Problem: Representatives from Production, QC, Maintenance, Industrial Engineering and Production Planning had jobs which overlapped so that when problems came up there were disputes as to who was blame.
“We seem to be very good at dissecting situations and finding who is to blame. Perhaps we should be spending some time finding ways to prevent things occurring in the first place”
Low on Reacting
- Tendency for Repetition
- People withhold important information
- Awkward and forced
Group Case: Systems Analysts presenting proposals to a group of staff members
Problem: The Systems Analysts came up with lots of proposals for change i.e. High Initiating. As a result Staff became nervous about these proposals and heightened by their use of technical jargon. So they were high in Clarifying and did not make any commitments. The Analysts Reacting already low levels dropped and gave more detail i.e. they were classic Low Reactors so the confusion continued. This is typical of specialists meeting decision makers and most know the discomfort of presenting to decision makers
- Meeting becomes disorganized
- Hasty decisions are made
- People cannot agree afterwards on what has been decided
Group: New York Advertising Agency
Problem: This active & dynamic group responded to a client brief with everyone talking at once. There were loads of ideas, plenty of excitement and enthusiasm i.e. extremely high Initiating Behaviors. Also, they were high in Reacting Behaviors with a chorus of approval or disapproval and consequently very low Clarifying Behaviors.

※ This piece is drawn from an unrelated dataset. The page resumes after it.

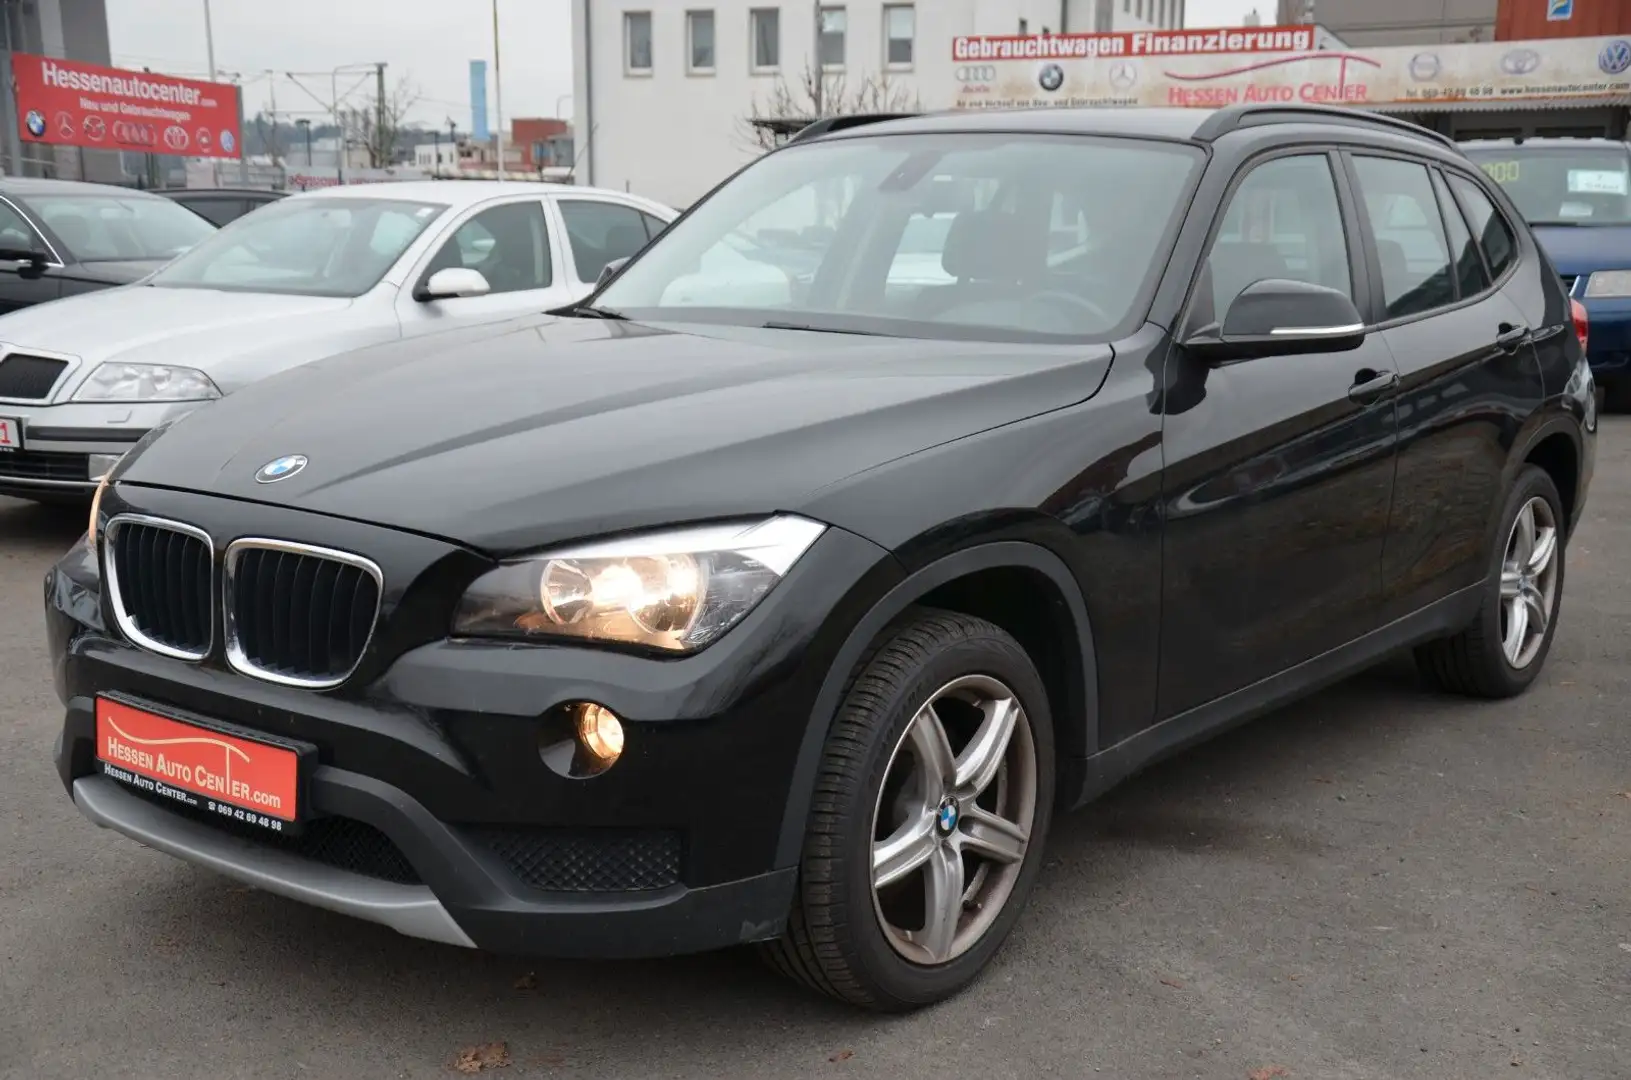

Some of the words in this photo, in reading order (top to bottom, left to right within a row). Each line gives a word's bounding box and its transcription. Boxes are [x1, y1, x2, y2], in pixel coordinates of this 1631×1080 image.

So confusion reigned. At the end they were asked to write what had been agreed. There were no two versions that were the same. Later further research showed people leaving a meeting could have an average of 5 misunderstandings per person.
What can we learn from these case studies in terms of where we are in this recession?

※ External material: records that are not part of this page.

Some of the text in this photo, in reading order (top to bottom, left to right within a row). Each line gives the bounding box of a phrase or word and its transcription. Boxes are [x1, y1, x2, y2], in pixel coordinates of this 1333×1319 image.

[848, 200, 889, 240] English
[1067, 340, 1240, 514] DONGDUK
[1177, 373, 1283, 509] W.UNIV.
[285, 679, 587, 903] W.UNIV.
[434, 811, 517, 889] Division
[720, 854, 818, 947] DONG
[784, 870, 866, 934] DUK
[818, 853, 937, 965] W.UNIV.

Leaders know that meetings are inherently expensive and today there isn’t time to tolerate the sort of problems illustrated. Leaders need to hold themselves accountable to managing meetings so that;
1. Initiating, Reacting and Clarifying Behaviors must be present and balanced if meetings are to be successful.

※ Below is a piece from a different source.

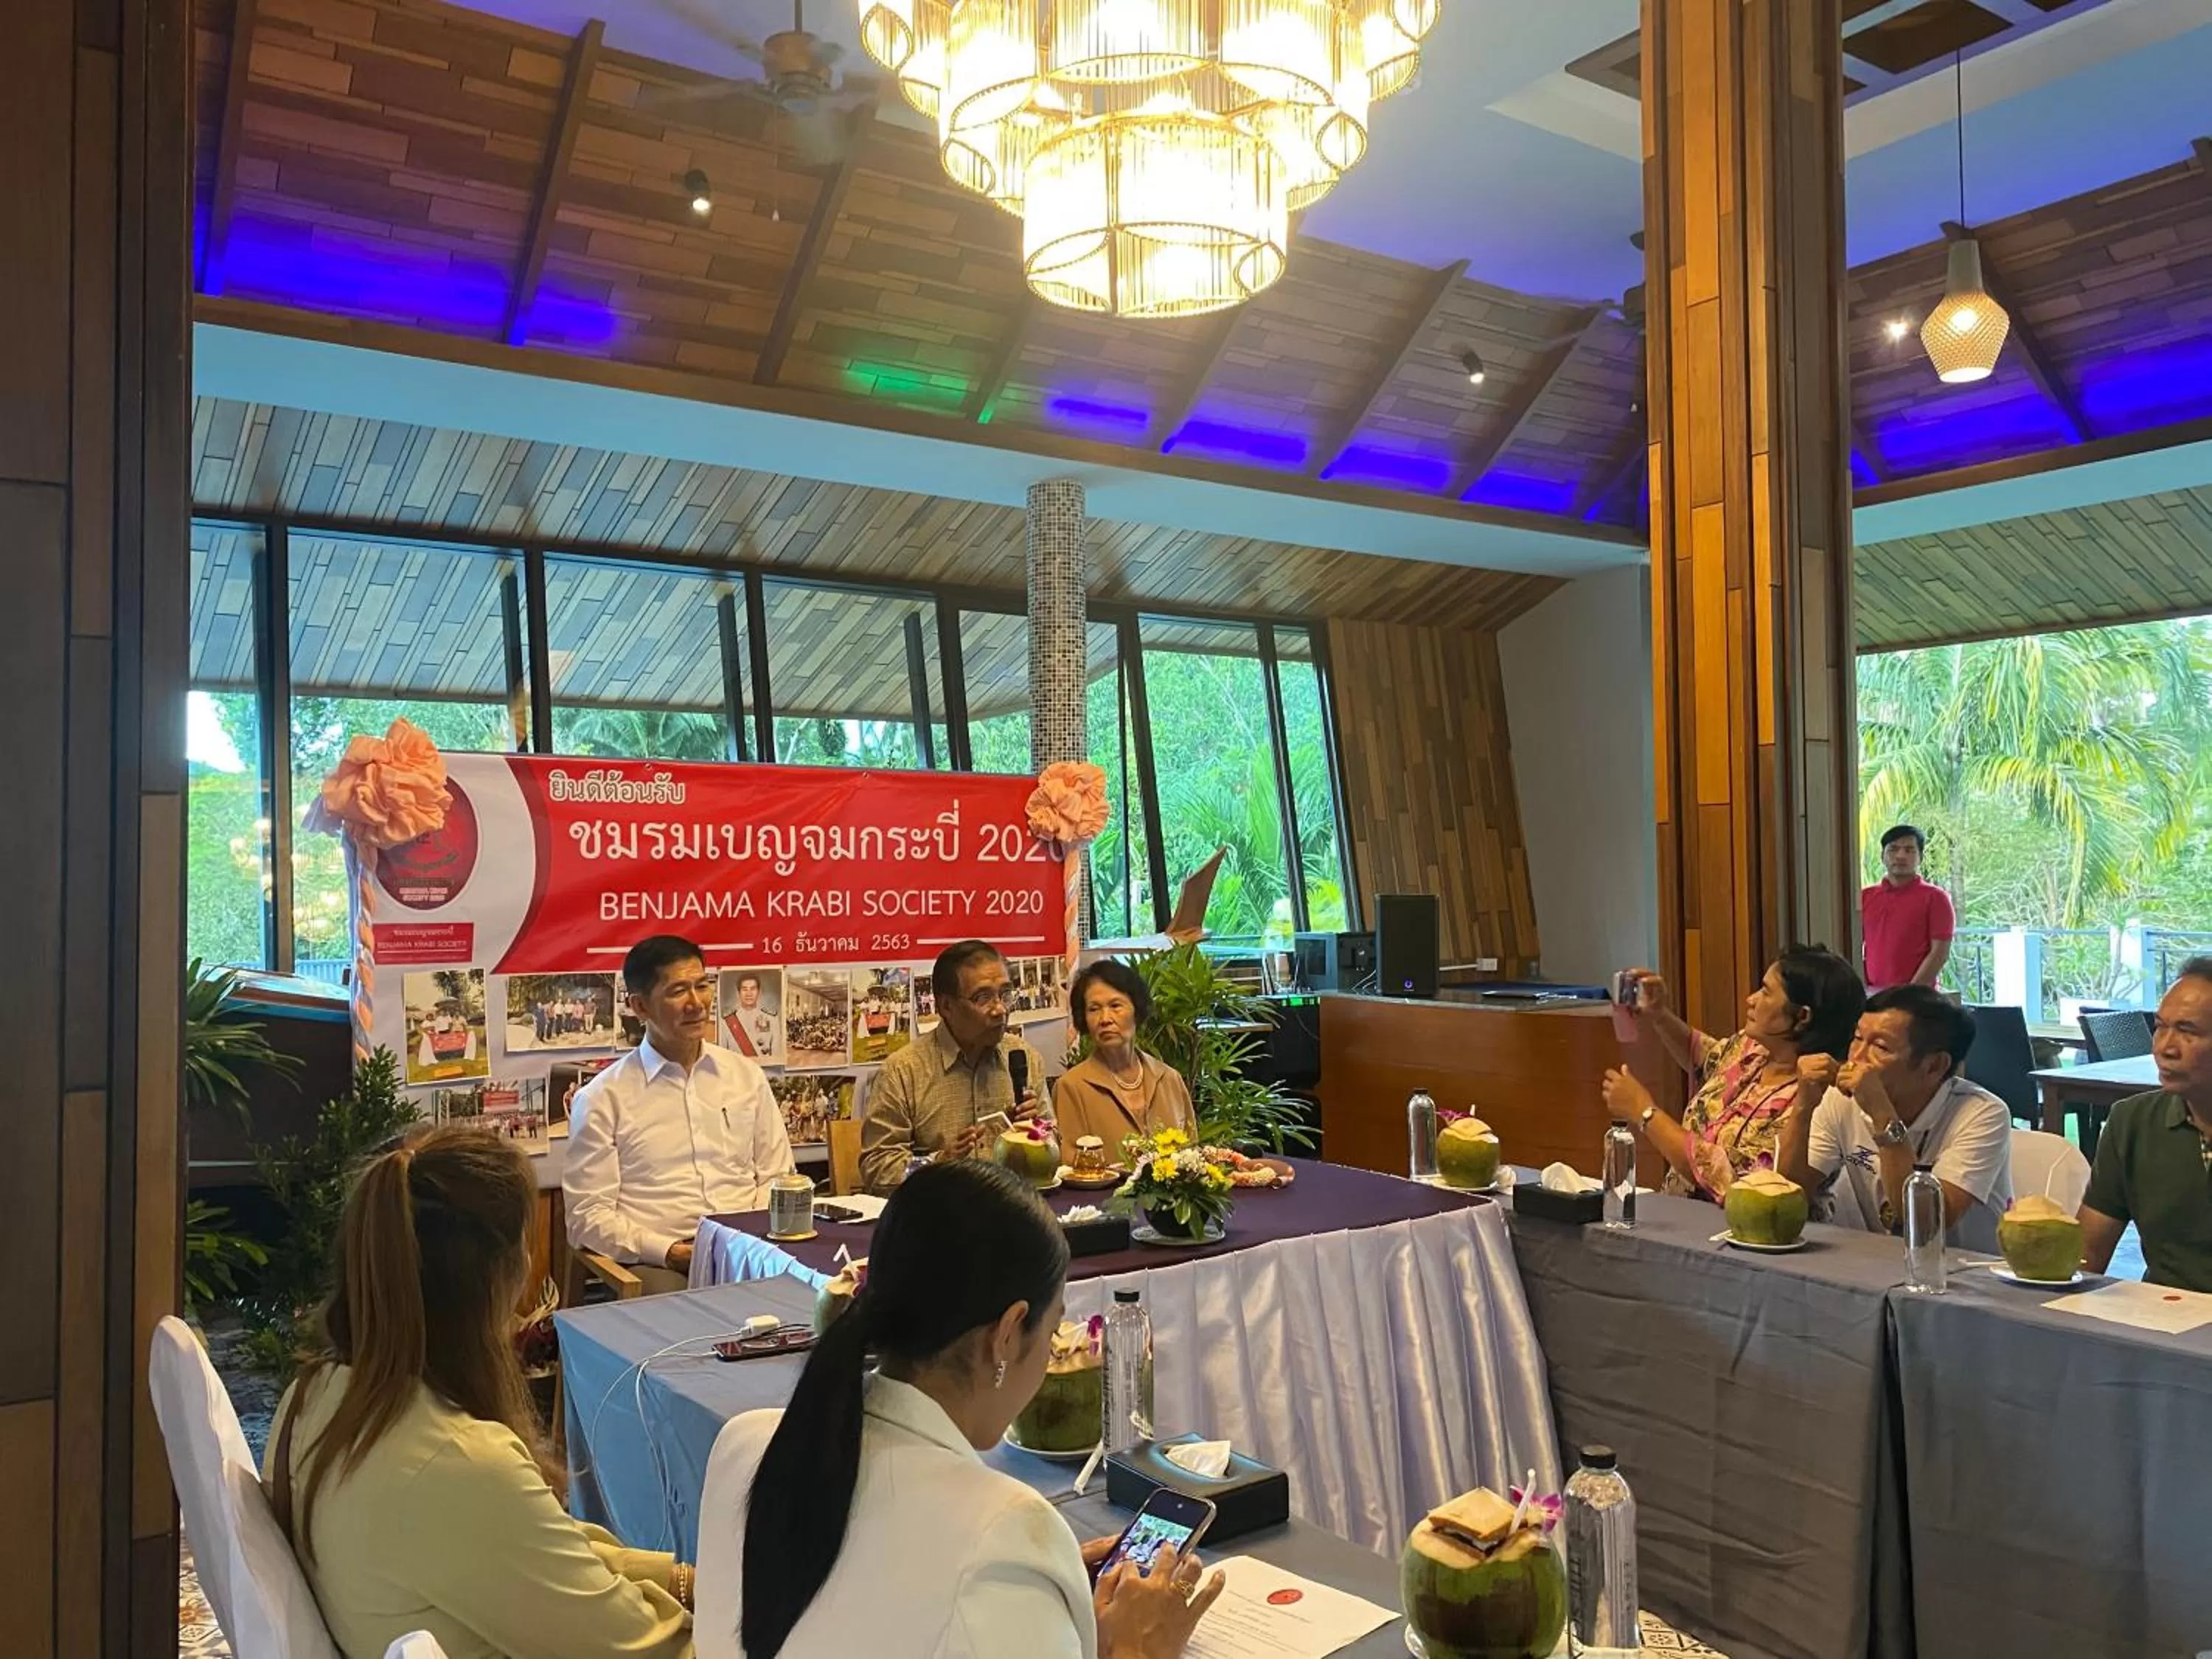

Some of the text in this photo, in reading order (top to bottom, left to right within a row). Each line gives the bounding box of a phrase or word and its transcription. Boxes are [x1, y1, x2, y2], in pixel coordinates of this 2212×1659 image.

[549, 768, 686, 804] ยินดีต้อนรับ
[568, 799, 960, 877] ชมรมเบญจมกระปี่
[599, 889, 1044, 922] BENJAMA KRABI SOCIETY 2020
[762, 931, 910, 953] 16 ธันวาคม 2563

2. They are alert to the impact of High or Low Reacting seriously impairs productivity
3. They recognize that different meetings have very different needs, so what works for problem diagnosis will not work for evaluating a production plan
4. Some Meetings need to be high on one of the three – although you need to be cautious of High Clarifying. Leaders have to question if a meeting is the most productive use of meeting where there is High – Information Exchange
In the rest of the series we will cover specific skills that help leaders achieve these goals
Great, but how can this help me?
This is probably the first thing on your mind after reading this Blog.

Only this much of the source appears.